A Discounted Cash Flow, or DCF, model estimates what a company might be worth by projecting its future cash flows and discounting them back to today to account for risk and the time value of money.
For US Foods Holding, the model used is a 2 Stage Free Cash Flow to Equity approach. The latest twelve month Free Cash Flow is about $999.5 million. Analysts provide explicit Free Cash Flow estimates out to 2028, with Simply Wall St extrapolating further to build a 10 year path. By 2035, the projection used in the model is $1,891.0 million, with each future cash flow converted into today’s dollars before being summed.

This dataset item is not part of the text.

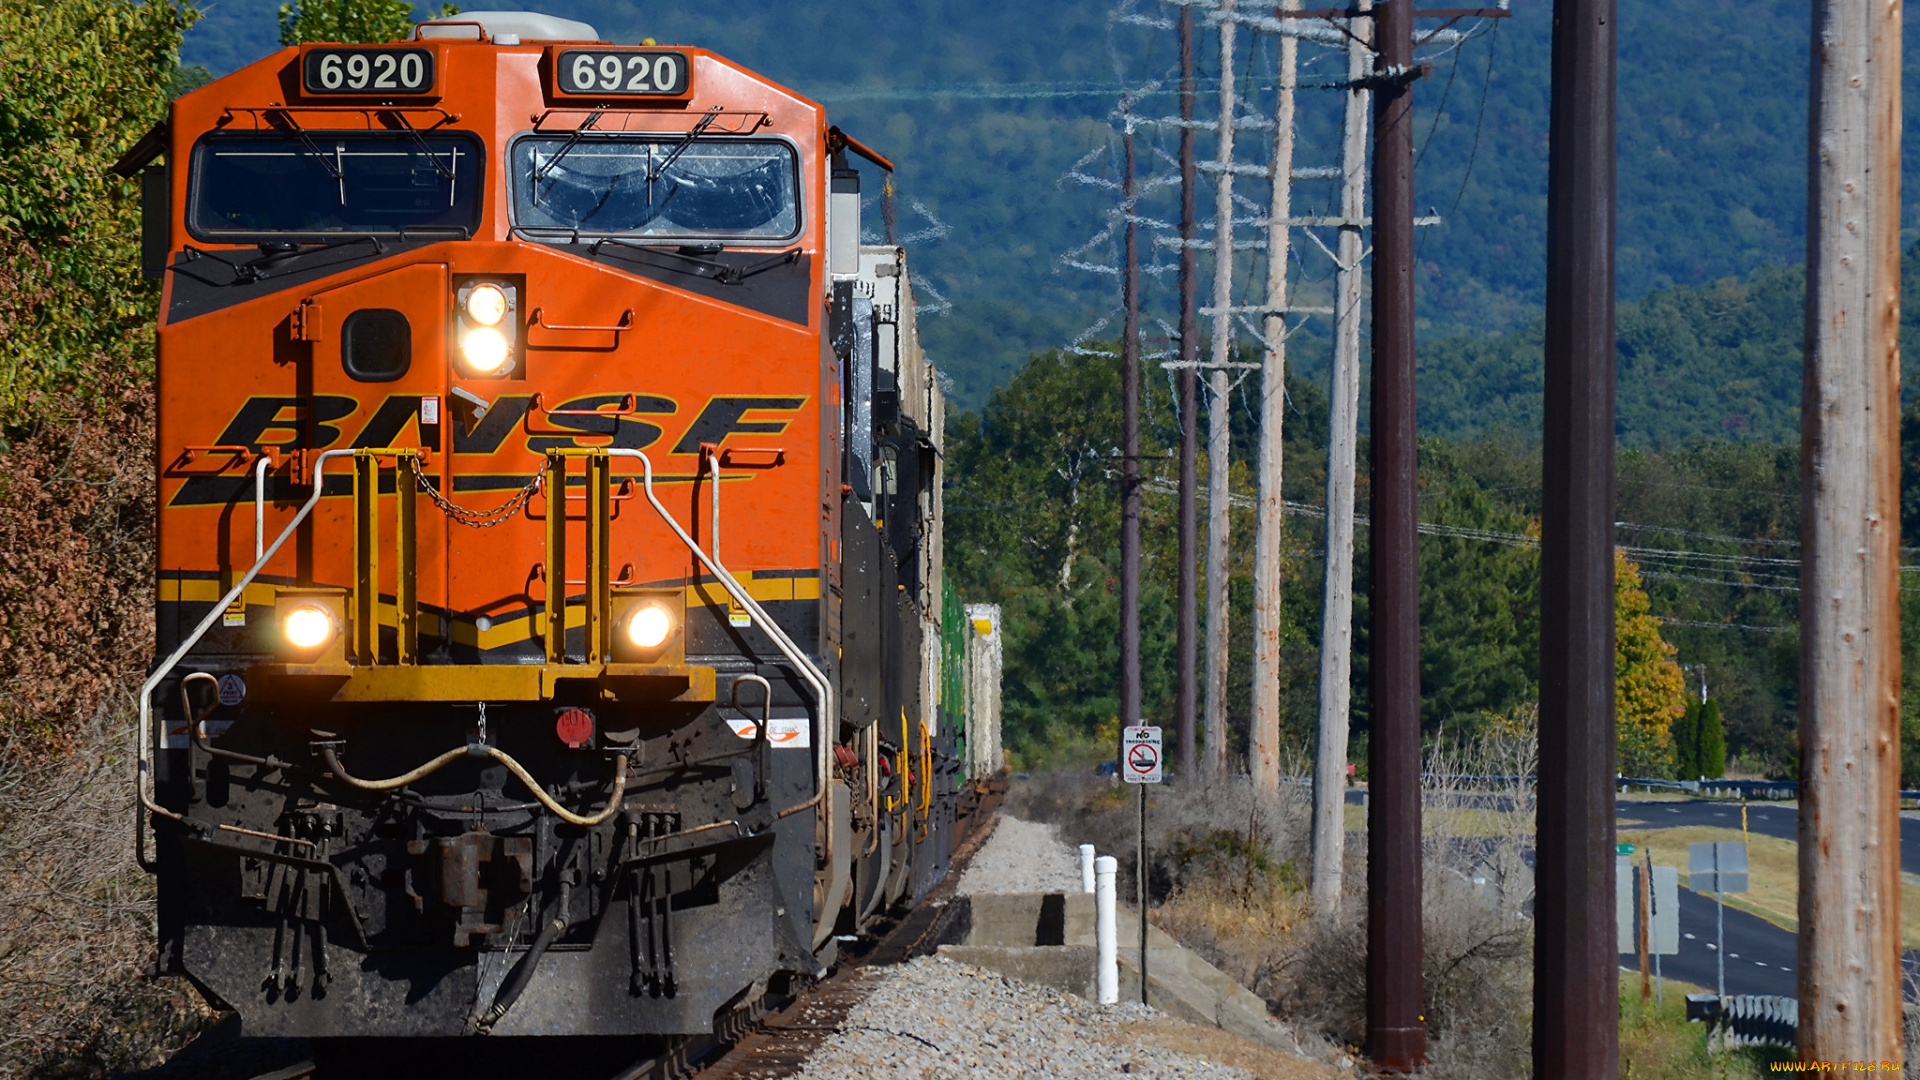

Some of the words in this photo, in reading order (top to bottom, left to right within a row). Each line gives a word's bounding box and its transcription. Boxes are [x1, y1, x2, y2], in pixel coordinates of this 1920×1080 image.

[320, 53, 424, 89] 6920
[572, 54, 678, 91] 6920
[206, 393, 811, 456] BNSF

On this basis, the DCF points to an estimated intrinsic value of about $155.67 per share, compared with the recent share price of $92.61. That implies the shares trade at a 40.5% discount to the DCF estimate, which flags US Foods Holding as undervalued under this method.
Result: UNDERVALUED
Our Discounted Cash Flow (DCF) analysis suggests US Foods Holding is undervalued by 40.5%. Track this in your watchlist or portfolio, or discover 47 more high quality undervalued stocks.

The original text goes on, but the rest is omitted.